Touch: Regulation through Connection

I am extensively trained in the use of touch for trauma resolution, with both neurophysiological and neuroaffective approaches.

The use of touch in psychotherapy for the repair of early attachment ruptures and trauma resolution is not new.  Competent and ethical psychotherapists have used intentional physical contact since the early 1930’s.  What is new is that there is current neurobiological data that supports the efficacy for the use of touch for the resolution of pre-verbal relational trauma.  Clinically, intentional touch in psychotherapy has been implemented by bodyworkers and psychotherapists.

Through physical contact with the body, it is possible to “tune in” to the inherent motion within, establishing a direct physiological rapport between the therapist and client. Using touch helps make sense of a client’s fine neural signaling and tracks signals in the different systems (skeletal, ligamentous, muscular, visceral, endocrine, nervous, fluid and fascia) as they operate to restore systemic regulation.

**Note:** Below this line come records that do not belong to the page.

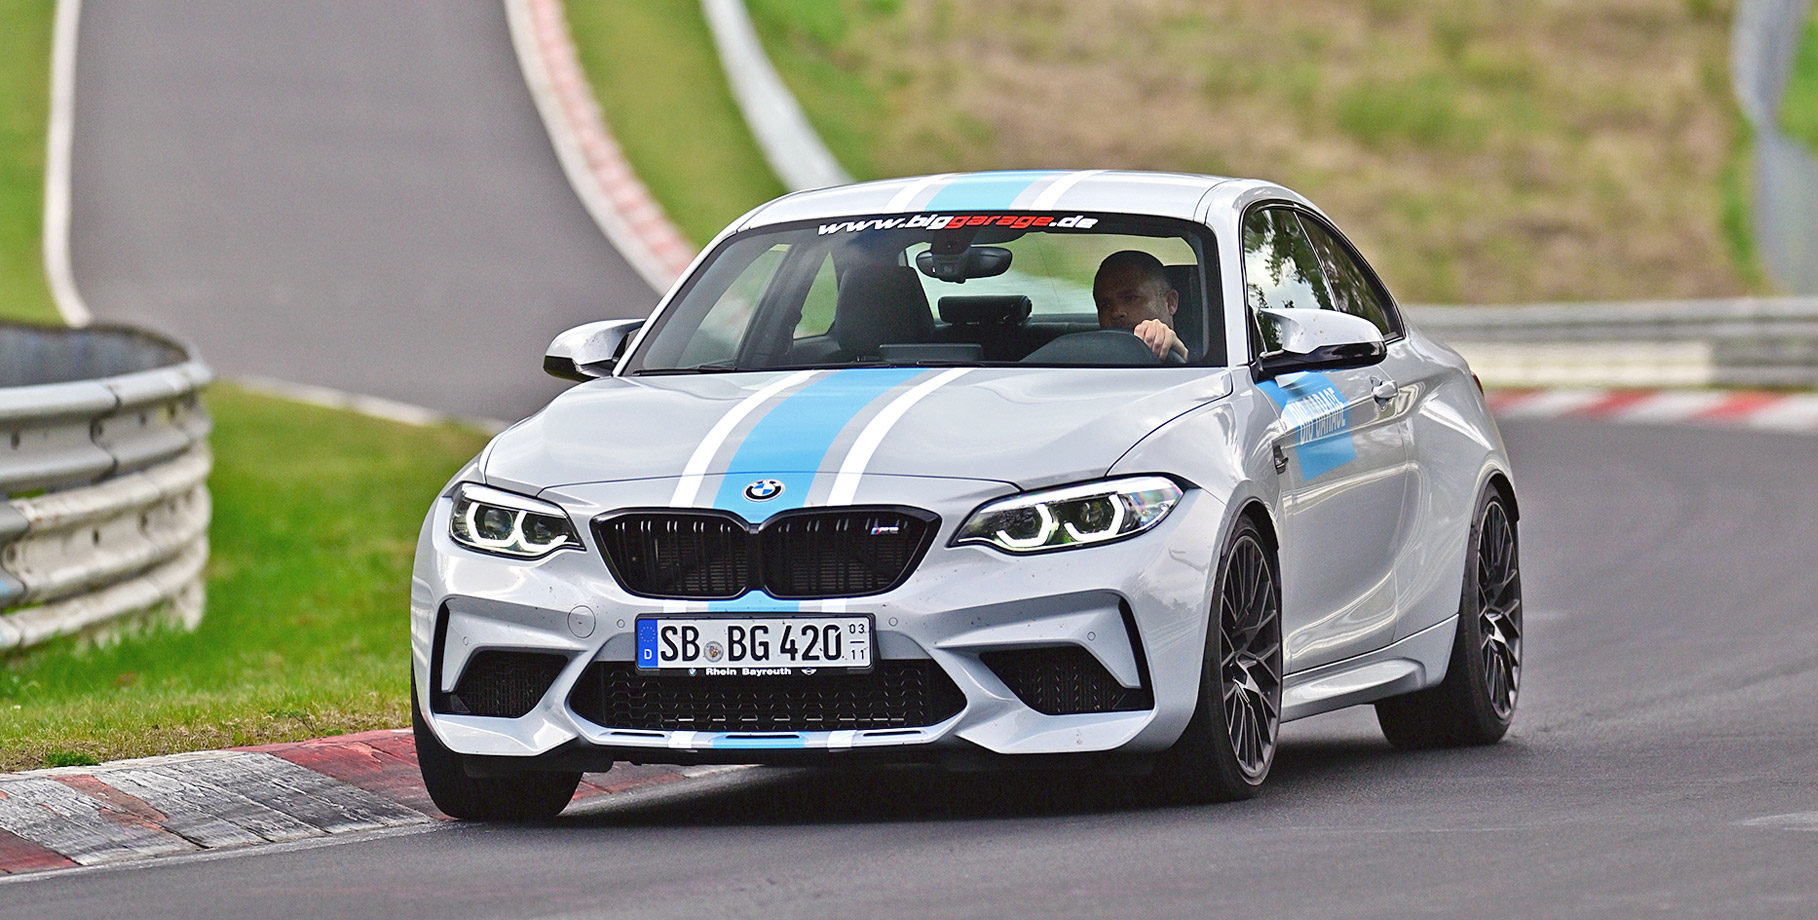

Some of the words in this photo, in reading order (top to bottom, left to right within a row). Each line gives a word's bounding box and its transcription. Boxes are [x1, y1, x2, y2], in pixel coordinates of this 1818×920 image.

[818, 214, 1098, 235] www.biggarage.de
[848, 623, 865, 634] 03
[660, 625, 700, 662] SB
[728, 625, 771, 662] BG
[780, 624, 842, 661] 420
[643, 649, 653, 660] D
[851, 650, 865, 660] 11
[705, 667, 737, 676] Rhein
[742, 667, 792, 677] Bayreuth

The skillful use of touch integrates the fundamentals of relational somatic psychotherapy with current neuroscience to support their clients capacity to heal their earliest developmental traumas.

Kathy Kain has taught the use of touch to trauma therapists for two decades within the context of somatic experiencing.  Her approach is to address the dysregulation of the client’s neurophysiology by focusing on “developing tactile skills, somatic awareness, and other touch-related skills in the context of working with the resolution of trauma.”  Working directly on bodily systems has the effect of healing emotional wounds.

Aline LaPierre has taught the use of touch from a psychotherapy scope for several years,  integrating the key elements of developmental theory and somatic psychotherapy. By highlighting the importance of the body and emphasizing its relations with the mind, the skillful use of touch can address developmental deficits and resolve traumas that cannot be reached by verbal means alone.

Psychotherapists trained in the use of touch can become a new kind of partner in the therapeutic relationship. By directly connecting with our clients, the skillful use of touch aims to:

  • Nurture developmental deficits
  • Encourage new neurological connections
  • Elicit dormant impulses
  • Reduce hyper-activation
  • Calm vigilance
  • Release dysfunctional somatic patterns
  • Renegotiate family trauma

Because language is not yet “online” in the brain of an infant, physical contact addresses the effects of the earliest breaches in nurturing, attunement and safety that cannot be reached by language alone. Loving, respectful touch is essential to healthy growth and development, whereas lack of touch is so damaging it can even impair the desire to live. Touch is at the foundation of our relational experience; it is a fundamental mode of infant-caregiver interaction. What happens during our early development establishes the template for our capacity for connection with ourselves, our loved ones and particularly our intimate adult relationships.

The Skillful use of Touch in Psychotherapy

Integrating touch helps practitioners develop solid skills for somatic interventions in clinical practice.  Six to ten million sensory receptors form an intricate network that connects the entire body to the brain via the nervous system. When a clinician skillfully uses touch they engage these receptors to guide a client’s attention inward to their interoceptive experience—chronic bracing and collapse patterns, organ vibrations and energetic sensitivitiesand help bring awareness to these internal experiences. The skillful use of touch engages the felt-sense in a dialogue that leads to a felt-self emotional integration. In the work of the repair of the self, which spans all developmental stages, it directly addresses dissociation, dysregulation and states of self-fragmentation that interfere with the capacity for self-awareness and self-regulation.